EXERCISE DIRECTIONS — Leave the pictures out and transcribe every record exactly.

[Free-text object descriptions]
-----

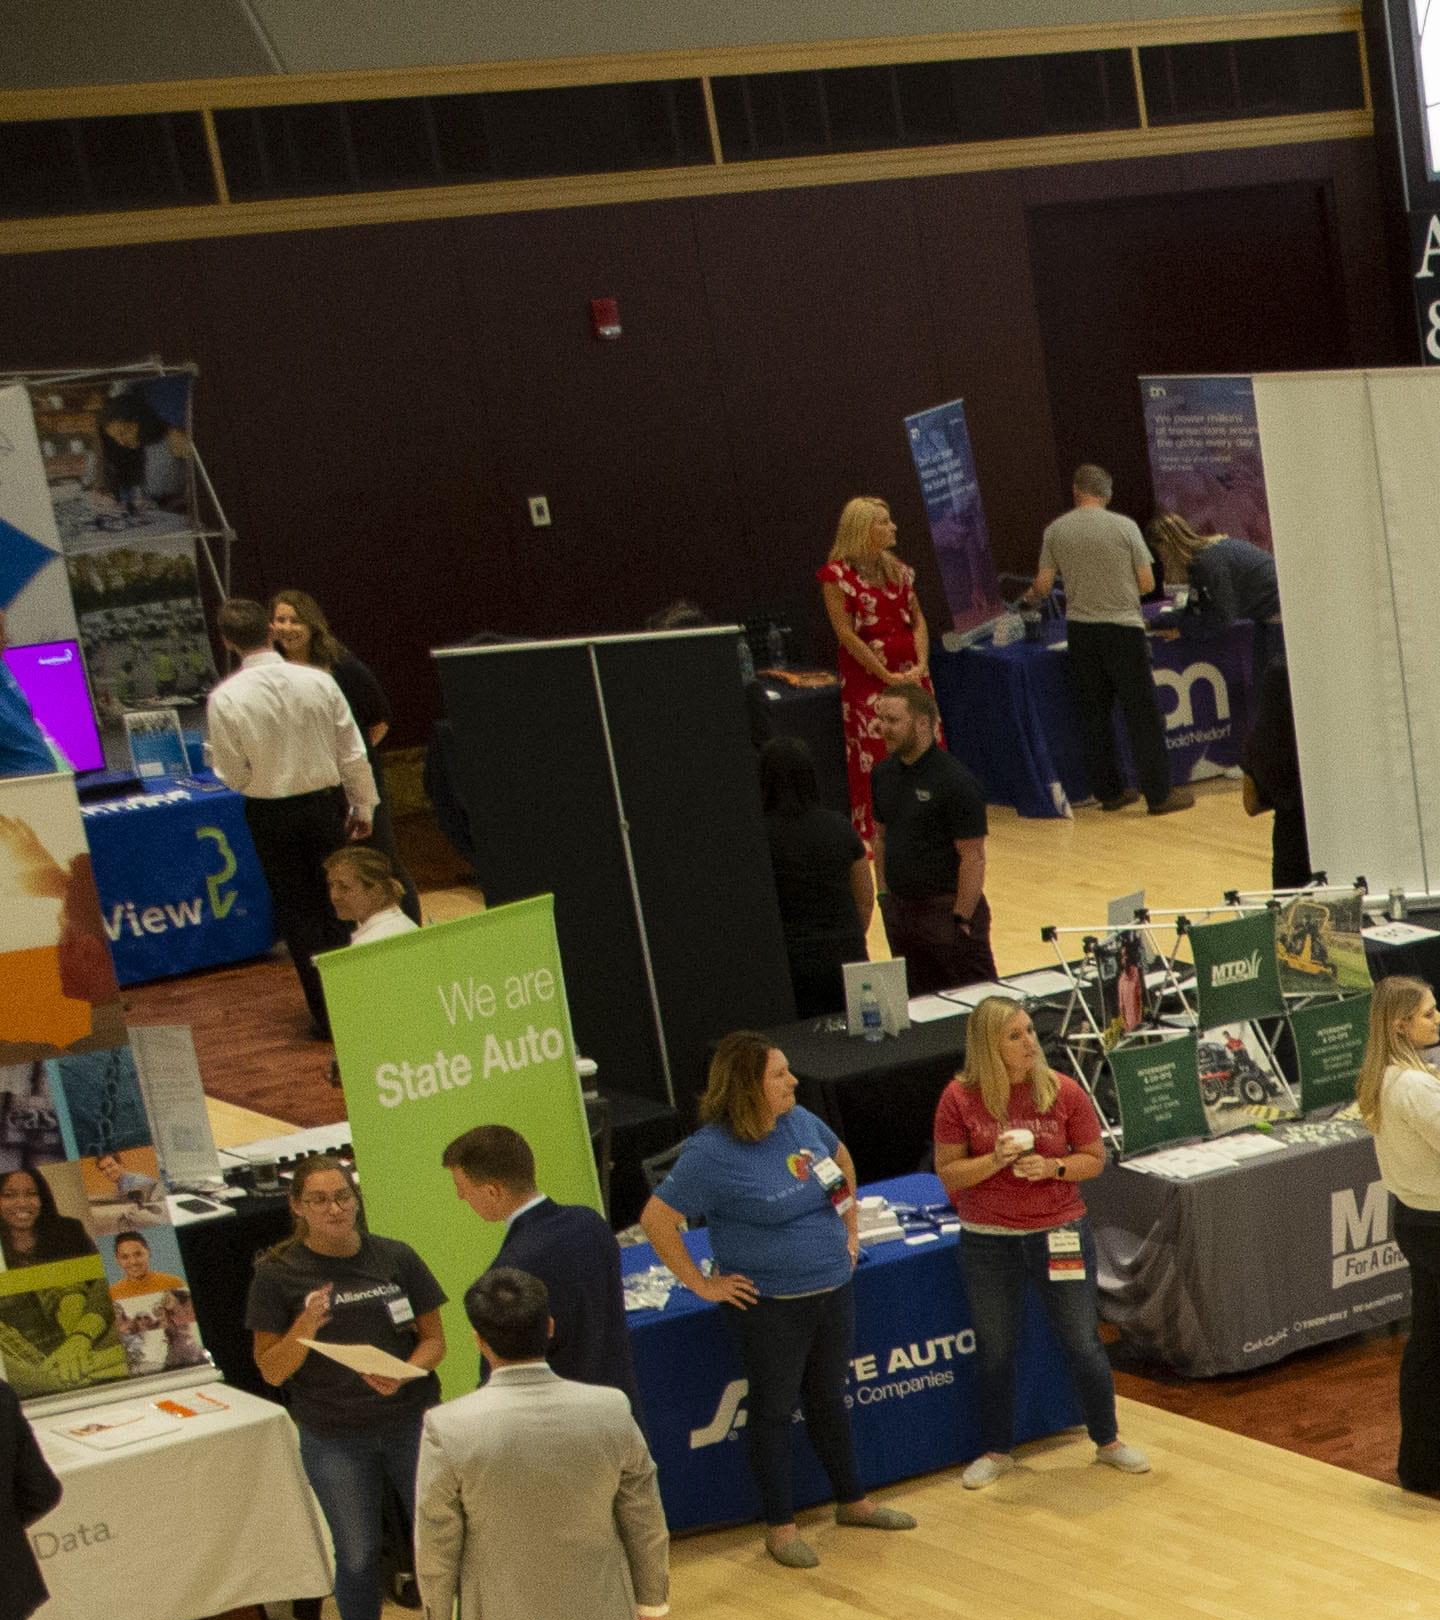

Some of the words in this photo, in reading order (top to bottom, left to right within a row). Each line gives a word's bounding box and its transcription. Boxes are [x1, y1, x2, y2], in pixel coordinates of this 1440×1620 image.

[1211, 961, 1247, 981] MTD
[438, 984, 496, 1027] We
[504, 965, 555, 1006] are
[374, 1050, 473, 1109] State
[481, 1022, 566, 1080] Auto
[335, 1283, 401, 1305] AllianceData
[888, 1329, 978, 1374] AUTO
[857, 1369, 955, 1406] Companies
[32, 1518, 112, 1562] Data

-----

ANSWER TO THE PROBLEM —
Some of the words in this photo, in reading order (top to bottom, left to right within a row). Each line gives a word's bounding box and its transcription. Boxes are [x1, y1, x2, y2], in pixel coordinates of this 1440×1620 image.

[1211, 961, 1247, 981] MTD
[438, 984, 496, 1027] We
[504, 965, 555, 1006] are
[374, 1050, 473, 1109] State
[481, 1022, 566, 1080] Auto
[335, 1283, 401, 1305] AllianceData
[888, 1329, 978, 1374] AUTO
[857, 1369, 955, 1406] Companies
[32, 1518, 112, 1562] Data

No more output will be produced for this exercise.